Tuesday, July 22, 2014

US hospital to pay $190m for filming patients

Beware of the doctor who has anything more than a stethoscope around his neck. Perhaps even that or a pen peeping prominently out of his shirt or jacket pocket.

Illustrative of the growing possibilities that technology particularly miniaturization of electronics provides for predatory sexual behavior, a top US hospital has agreed to pay $190 million to settle claims from thousands of women who may have been surreptitiously recorded during pelvic exams by a gynecologist who committed suicide subsequent to the expose.

The case centers on Dr Nikita Levy, a prominent and popular ob-gyn for 25 years at the Johns Hopkins Community Medicine system in Baltimore, who reportedly used a camera pen strung around his neck to secretly record women for years during examinations. A female colleague who got suspicious of his behavior eventually brought it to the notice of authorities.

Investigators confronted Dr Levy found more than 1,300 videos and images during searches of Levy's home and office, most of them recorded through pen cameras and key fobs, leading to his firing in February 2013. Ten days later, he committed suicide after writing an apology note to his wife and three children.

Hopkins has been dealing with the fall-out ever since, and on Monday, the hospital announced that it would pay $190 million one of the largest settlements involving sexual misconduct by a physician to settle the case.

More than 7,000 women are expected to receive compensation from the settlement. Although Levy examined more than 12,000 women during his career at Hopkins, he began his recording them only in 2005.
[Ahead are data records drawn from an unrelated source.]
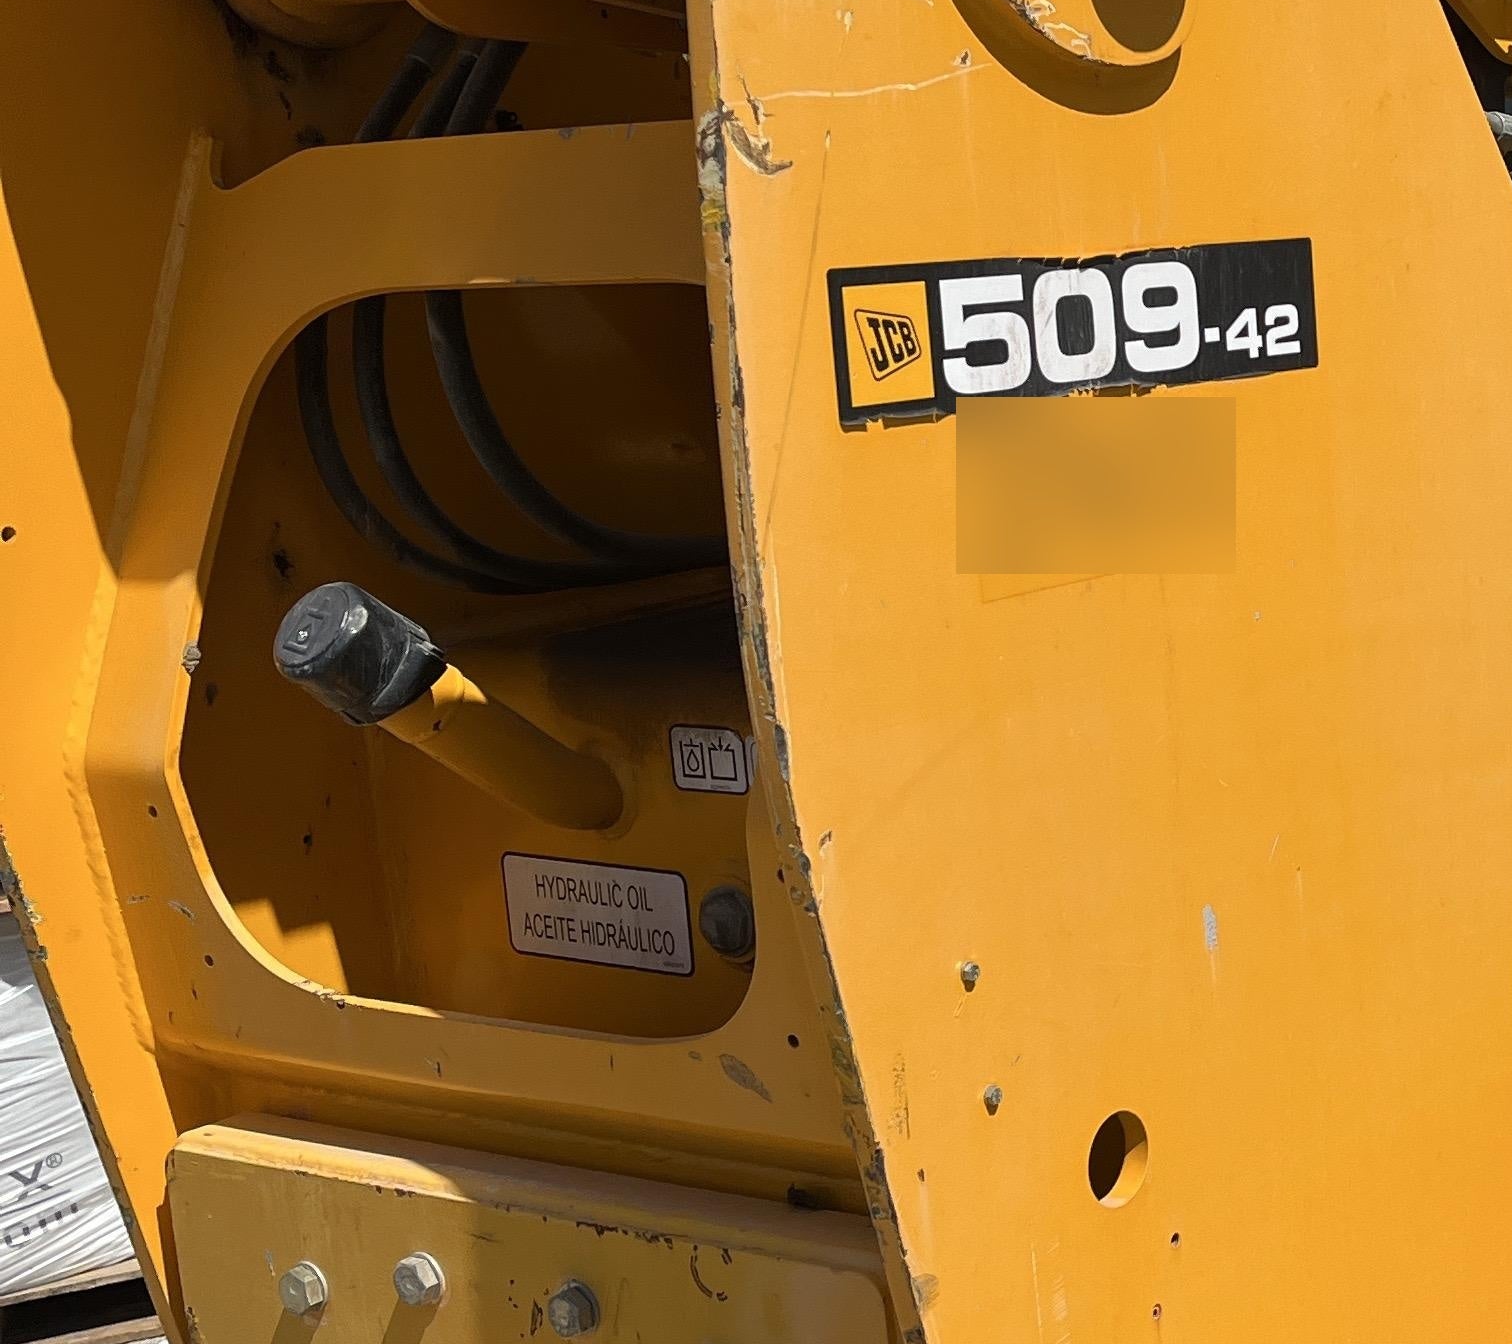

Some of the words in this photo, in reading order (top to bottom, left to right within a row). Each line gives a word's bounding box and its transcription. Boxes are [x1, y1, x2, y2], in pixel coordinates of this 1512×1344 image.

[864, 314, 920, 370] JCB
[938, 260, 1302, 394] 509-42
[534, 873, 623, 908] HYDRAULIC
[627, 885, 654, 912] OIL
[524, 912, 577, 943] ACEITE
[580, 919, 675, 956] HIDRÁULICO
The women could not be identified from the images, which were mostly of genitalia, but attorneys involved in the case said all former patients could be considered victims because of the feeling of betrayal and trauma they felt by the invasion of doctor-patient confidentiality. Each plaintiff is expected to be evaluated by a team of professionals, including a psychiatrist, and placed into one of four categories, based on the degree to which they were affected.

"Many of our clients still feel a betrayal and lack of trust and have fallen out of the medical system," Jonathan Schochor, the lead attorney for the patients in the class-action lawsuit, told the Baltimore Sun. "They stopped seeing their doctors, they stopped taking their children to doctors. They refused to see male ob-gyns, or any ob-gyn. Their lives, needless to say, have been severely and negatively impacted."

In a statement, Hopkins said the settlement would be paid through its insurance policy and "will not in any way compromise the ability" of the health system to serve its patients, staff and community. "It is our hope that this settlement, and the findings by law enforcement that the images were not shared, helps those affected achieve a measure of closure," the hospital added.

Levy, a Jamaica-born New Yorker who was 54 at the time of his suicide, was a popular ob-gyn who practiced in the poorer precincts of Baltimore. According to the Sun, he had a reputation of going out of his way to assist patients, such as driving through snow-storms to deliver a patient's child.